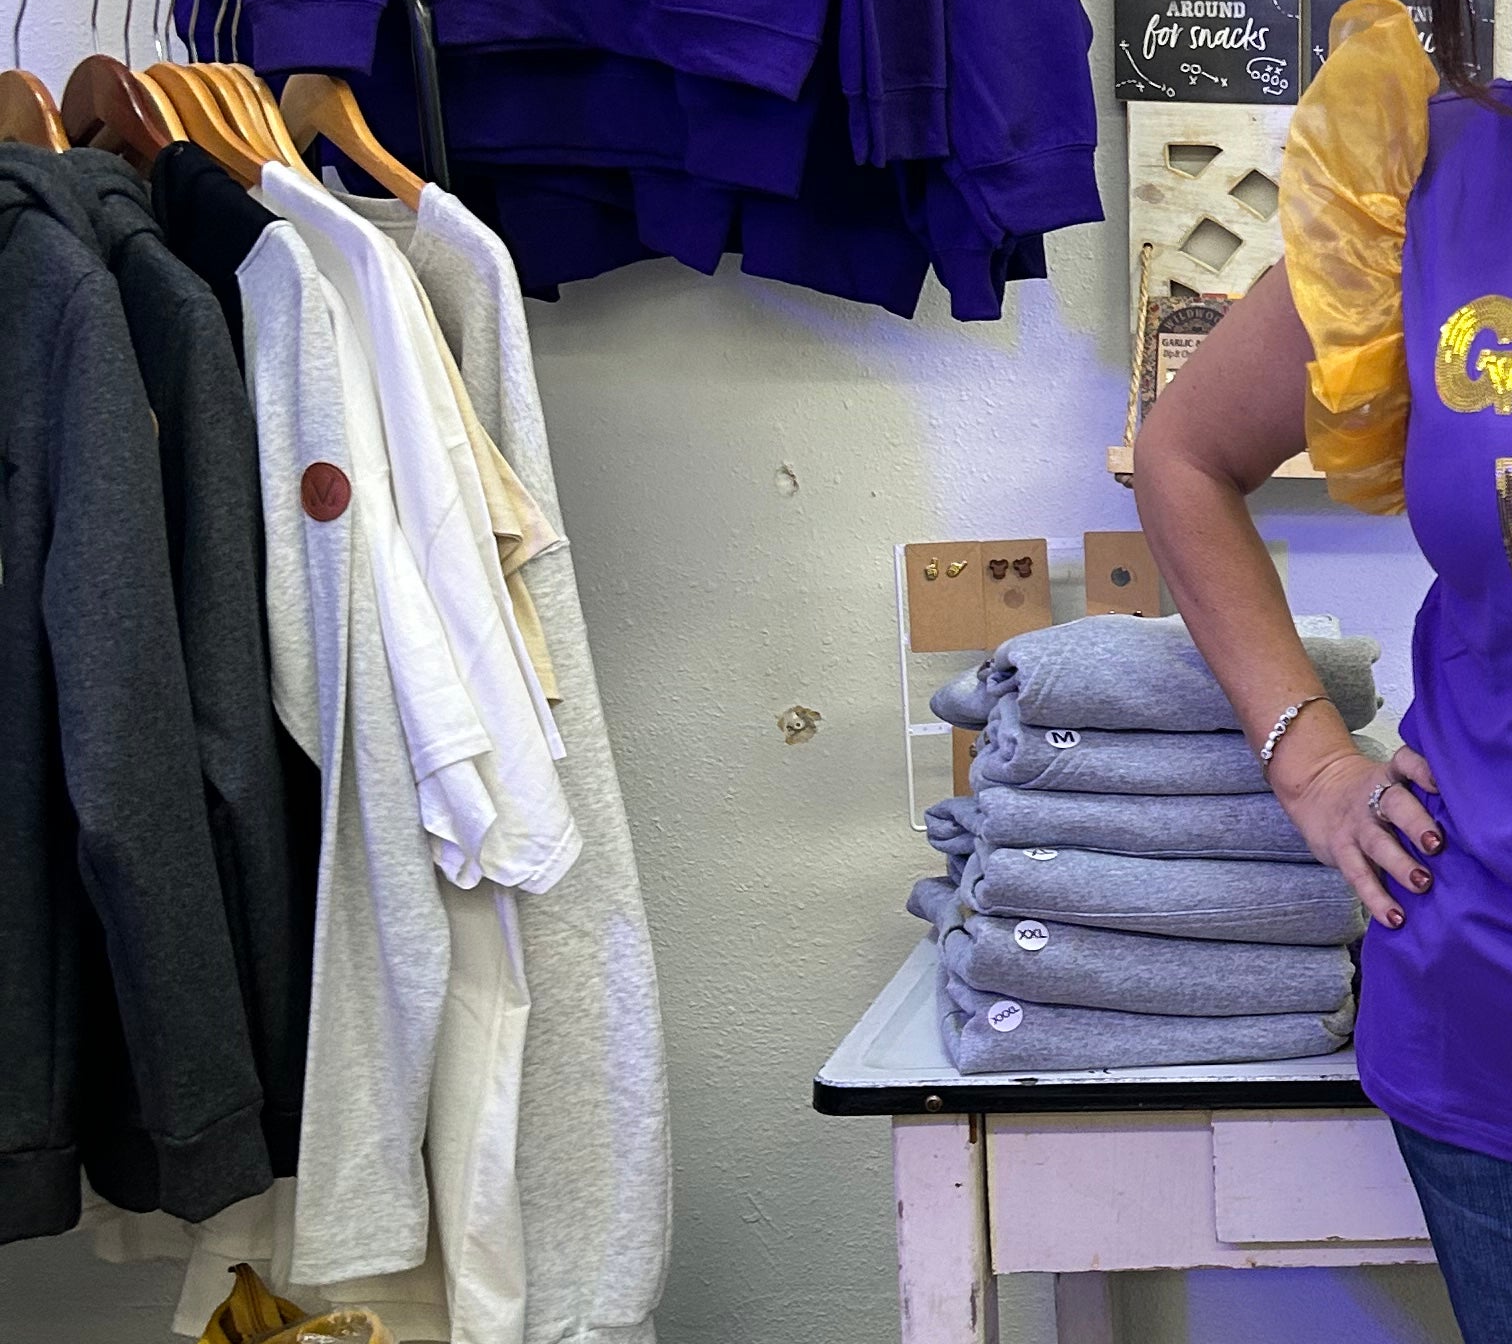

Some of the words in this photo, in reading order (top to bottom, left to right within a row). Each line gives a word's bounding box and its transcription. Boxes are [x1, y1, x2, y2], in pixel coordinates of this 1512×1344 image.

[1166, 0, 1246, 18] AROUND
[1143, 13, 1184, 60] for
[1189, 17, 1270, 51] snacks
[1162, 338, 1194, 348] GARLIC
[1051, 731, 1075, 744] M

--

Task to complete
Please set down every record exactly as it appears, leaving out the pictures.

Response to this task
Some of the words in this photo, in reading order (top to bottom, left to right within a row). Each line gives a word's bounding box and its transcription. Boxes are [x1, y1, x2, y2], in pixel coordinates of this 1512×1344 image.

[1166, 0, 1246, 18] AROUND
[1143, 13, 1184, 60] for
[1189, 17, 1270, 51] snacks
[1162, 338, 1194, 348] GARLIC
[1051, 731, 1075, 744] M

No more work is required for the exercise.